• _THE RECORDS_:
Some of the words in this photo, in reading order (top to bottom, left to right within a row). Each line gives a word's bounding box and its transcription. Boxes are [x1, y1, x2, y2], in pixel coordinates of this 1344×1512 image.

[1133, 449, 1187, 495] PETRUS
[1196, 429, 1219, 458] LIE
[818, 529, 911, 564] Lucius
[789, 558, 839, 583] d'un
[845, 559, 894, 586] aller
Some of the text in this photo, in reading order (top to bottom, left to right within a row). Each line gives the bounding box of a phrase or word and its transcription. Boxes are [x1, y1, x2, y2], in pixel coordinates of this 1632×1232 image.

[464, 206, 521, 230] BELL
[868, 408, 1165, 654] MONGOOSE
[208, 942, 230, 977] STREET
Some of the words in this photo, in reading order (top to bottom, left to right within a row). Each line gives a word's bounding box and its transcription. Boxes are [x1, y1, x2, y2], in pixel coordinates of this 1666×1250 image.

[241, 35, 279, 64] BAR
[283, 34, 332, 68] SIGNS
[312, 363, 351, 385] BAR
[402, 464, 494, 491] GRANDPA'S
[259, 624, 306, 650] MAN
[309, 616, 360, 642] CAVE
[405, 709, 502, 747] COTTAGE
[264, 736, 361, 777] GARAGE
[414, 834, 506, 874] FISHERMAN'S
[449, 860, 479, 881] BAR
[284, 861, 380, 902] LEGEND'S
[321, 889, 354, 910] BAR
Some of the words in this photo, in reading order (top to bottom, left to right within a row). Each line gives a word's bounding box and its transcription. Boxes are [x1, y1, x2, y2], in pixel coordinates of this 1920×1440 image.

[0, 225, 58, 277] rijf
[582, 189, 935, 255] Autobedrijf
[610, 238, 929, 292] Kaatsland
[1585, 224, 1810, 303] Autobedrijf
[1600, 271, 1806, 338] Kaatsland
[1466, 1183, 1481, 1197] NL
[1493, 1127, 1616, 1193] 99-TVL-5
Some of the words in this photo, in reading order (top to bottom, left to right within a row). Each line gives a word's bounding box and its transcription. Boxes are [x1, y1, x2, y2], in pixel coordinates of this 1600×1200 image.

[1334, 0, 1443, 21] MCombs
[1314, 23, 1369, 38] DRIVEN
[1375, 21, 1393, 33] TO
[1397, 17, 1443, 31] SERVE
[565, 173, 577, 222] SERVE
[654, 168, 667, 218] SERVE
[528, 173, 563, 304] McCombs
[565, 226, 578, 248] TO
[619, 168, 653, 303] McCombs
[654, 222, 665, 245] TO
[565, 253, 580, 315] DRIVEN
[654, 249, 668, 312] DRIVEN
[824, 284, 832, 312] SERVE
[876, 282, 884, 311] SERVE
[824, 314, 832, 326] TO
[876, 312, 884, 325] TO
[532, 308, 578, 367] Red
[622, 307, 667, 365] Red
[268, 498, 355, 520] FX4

• _TASK DESCRIPTION_:
None of the records may be omitted or altered when they are given again.

• _ANSWER TO THIS PROBLEM_:
Some of the words in this photo, in reading order (top to bottom, left to right within a row). Each line gives a word's bounding box and its transcription. Boxes are [x1, y1, x2, y2], in pixel coordinates of this 1344×1512 image.

[1133, 449, 1187, 495] PETRUS
[1196, 429, 1219, 458] LIE
[818, 529, 911, 564] Lucius
[789, 558, 839, 583] d'un
[845, 559, 894, 586] aller
Some of the text in this photo, in reading order (top to bottom, left to right within a row). Each line gives the bounding box of a phrase or word and its transcription. Boxes are [x1, y1, x2, y2], in pixel coordinates of this 1632×1232 image.

[464, 206, 521, 230] BELL
[868, 408, 1165, 654] MONGOOSE
[208, 942, 230, 977] STREET
Some of the words in this photo, in reading order (top to bottom, left to right within a row). Each line gives a word's bounding box and its transcription. Boxes are [x1, y1, x2, y2], in pixel coordinates of this 1666×1250 image.

[241, 35, 279, 64] BAR
[283, 34, 332, 68] SIGNS
[312, 363, 351, 385] BAR
[402, 464, 494, 491] GRANDPA'S
[259, 624, 306, 650] MAN
[309, 616, 360, 642] CAVE
[405, 709, 502, 747] COTTAGE
[264, 736, 361, 777] GARAGE
[414, 834, 506, 874] FISHERMAN'S
[449, 860, 479, 881] BAR
[284, 861, 380, 902] LEGEND'S
[321, 889, 354, 910] BAR
Some of the words in this photo, in reading order (top to bottom, left to right within a row). Each line gives a word's bounding box and its transcription. Boxes are [x1, y1, x2, y2], in pixel coordinates of this 1920×1440 image.

[0, 225, 58, 277] rijf
[582, 189, 935, 255] Autobedrijf
[610, 238, 929, 292] Kaatsland
[1585, 224, 1810, 303] Autobedrijf
[1600, 271, 1806, 338] Kaatsland
[1466, 1183, 1481, 1197] NL
[1493, 1127, 1616, 1193] 99-TVL-5
Some of the words in this photo, in reading order (top to bottom, left to right within a row). Each line gives a word's bounding box and its transcription. Boxes are [x1, y1, x2, y2], in pixel coordinates of this 1600×1200 image.

[1334, 0, 1443, 21] MCombs
[1314, 23, 1369, 38] DRIVEN
[1375, 21, 1393, 33] TO
[1397, 17, 1443, 31] SERVE
[565, 173, 577, 222] SERVE
[654, 168, 667, 218] SERVE
[528, 173, 563, 304] McCombs
[565, 226, 578, 248] TO
[619, 168, 653, 303] McCombs
[654, 222, 665, 245] TO
[565, 253, 580, 315] DRIVEN
[654, 249, 668, 312] DRIVEN
[824, 284, 832, 312] SERVE
[876, 282, 884, 311] SERVE
[824, 314, 832, 326] TO
[876, 312, 884, 325] TO
[532, 308, 578, 367] Red
[622, 307, 667, 365] Red
[268, 498, 355, 520] FX4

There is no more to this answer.